38 year old with super human results, and a unrepentant hard core doping past. What "dues" did he pay exactly. . . .


----------



## Finx (Oct 19, 2017)

LA never tested positive either...


----------



## jspharmd (May 24, 2006)

Finx said:


> LA never tested positive either...


Actually....he did, but he had a prescription...


----------



## KoroninK (Aug 9, 2010)

Lance did and was given a back dated TUE for it. Valverde hasn't. Best thing for him to say, probably not, but his ban did not come from a positive test it came from matching DNA to a blood bag. At this point the team really needs to have someone from their PR dept have a discussion with him. However, I also know Valverde isn't the best of speakers to begin with. So that's also there. Oh and in that interview he also said, people will think whatever they want.


----------



## GlobalGuy (Jun 9, 2015)

Since at least 1991 every elite tour rider used PEDs and today its a standard or common in almost every sport.


----------



## den bakker (Nov 13, 2004)

Dude stole someones line.


----------



## The Weasel (Jul 20, 2006)

KoroninK said:


> Lance did and was given a back dated TUE for it. Valverde hasn't. Best thing for him to say, probably not, but his ban did not come from a positive test it came from matching DNA to a blood bag.

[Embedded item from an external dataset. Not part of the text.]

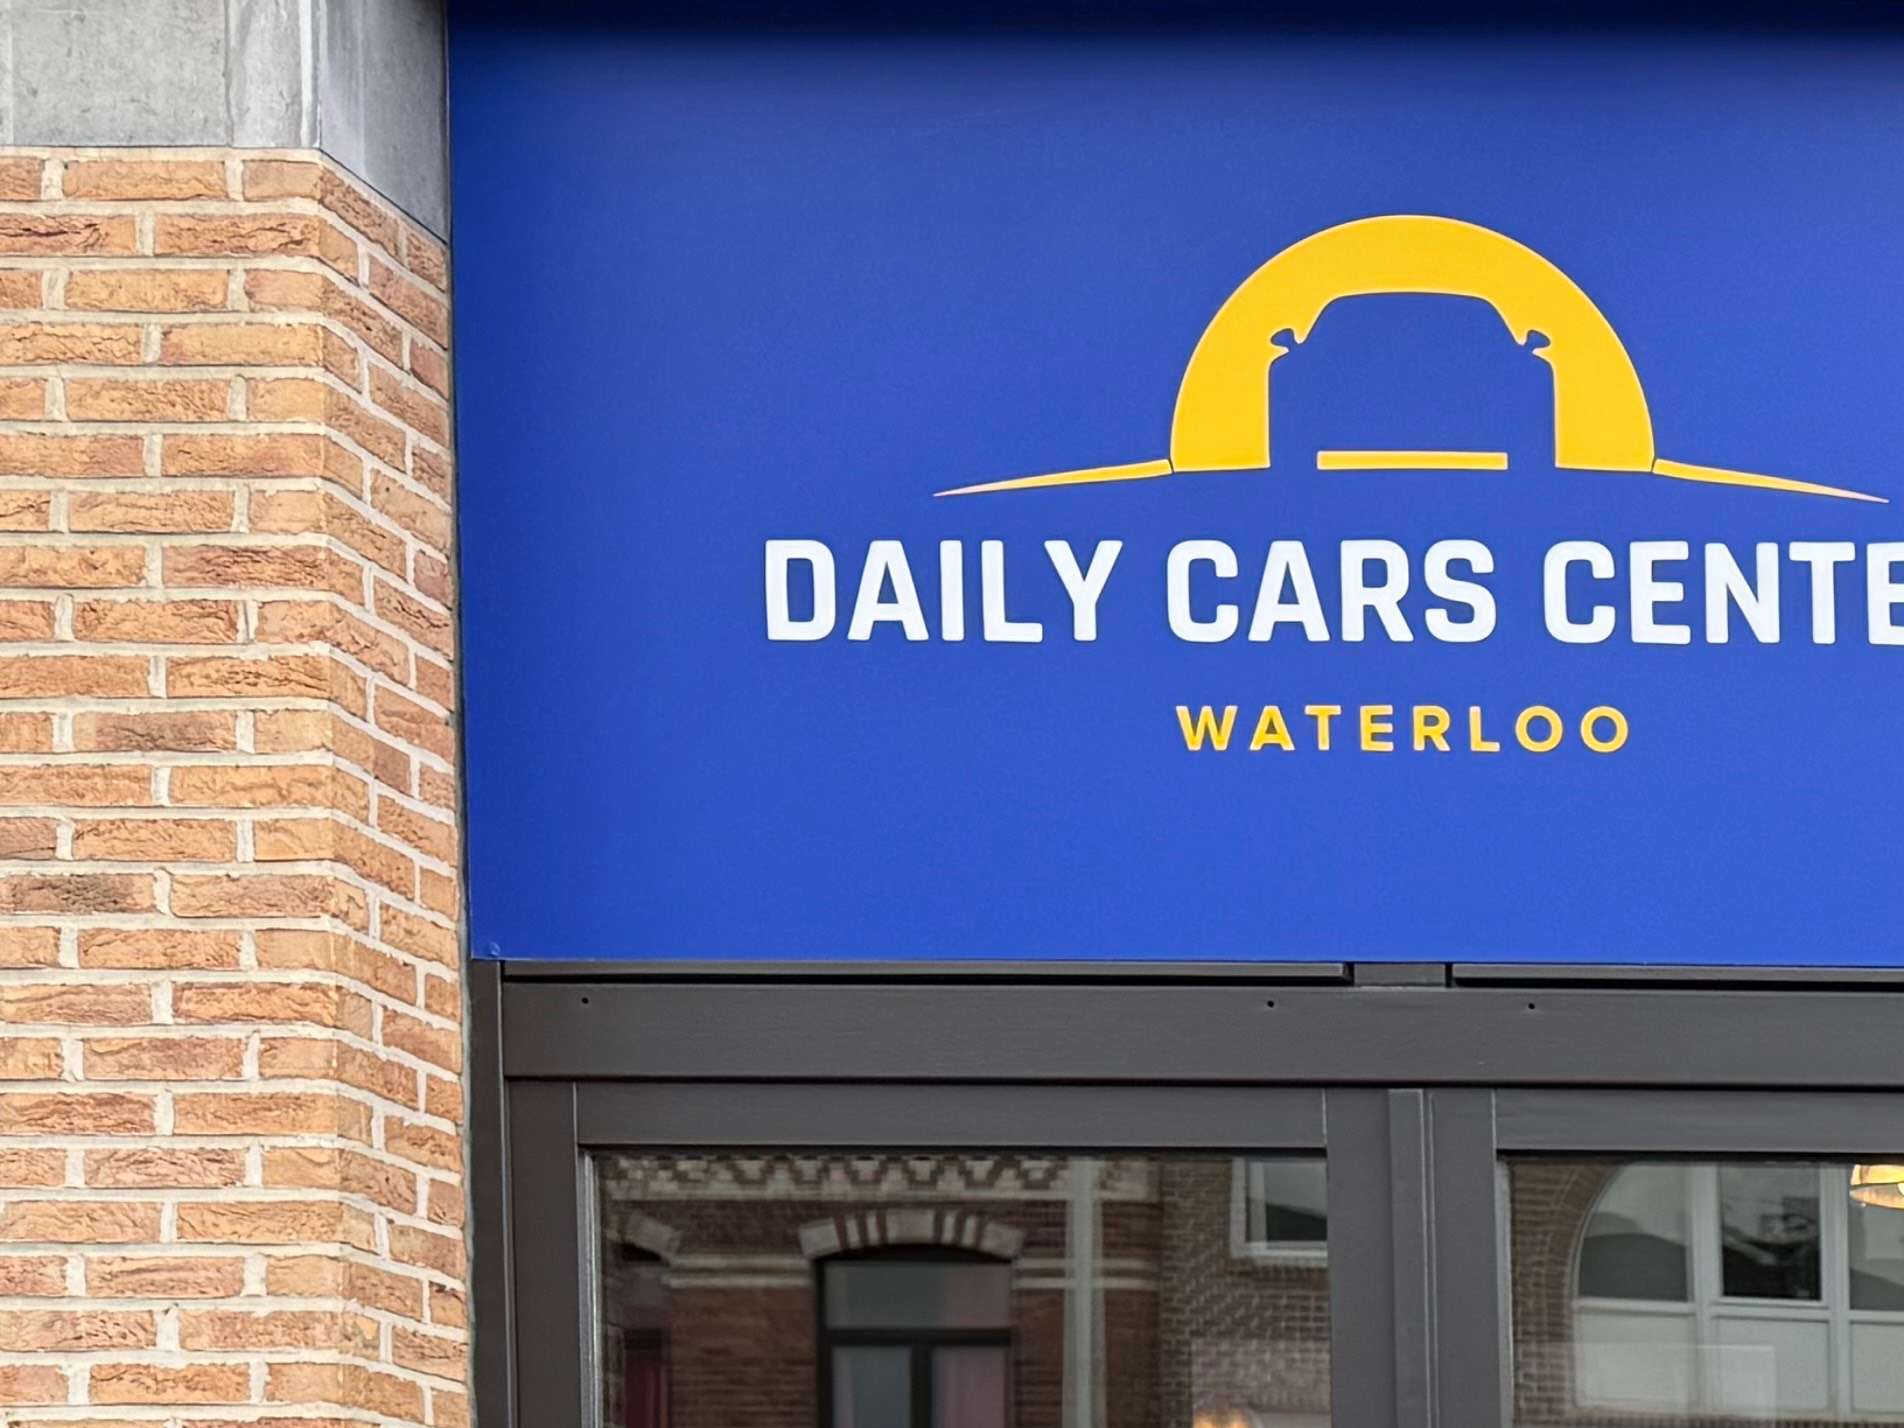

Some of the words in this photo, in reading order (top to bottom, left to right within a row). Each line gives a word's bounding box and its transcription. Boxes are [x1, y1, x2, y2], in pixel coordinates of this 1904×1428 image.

[763, 538, 1123, 642] DAILY
[1166, 538, 1498, 644] CARS
[1175, 703, 1631, 755] WATERLOO

What's the difference? Did someone steal Valverde's blood in his sleep and plant it in Fuentes fridge?


----------



## KoroninK (Aug 9, 2010)

The Weasel said:


> What's the difference? Did someone steal Valverde's blood in his sleep and plant it in Fuentes fridge?


Testing blood bags is not failing an anti doping test. As we have learned not failing an anti doping test does not mean an athlete is not doping.


----------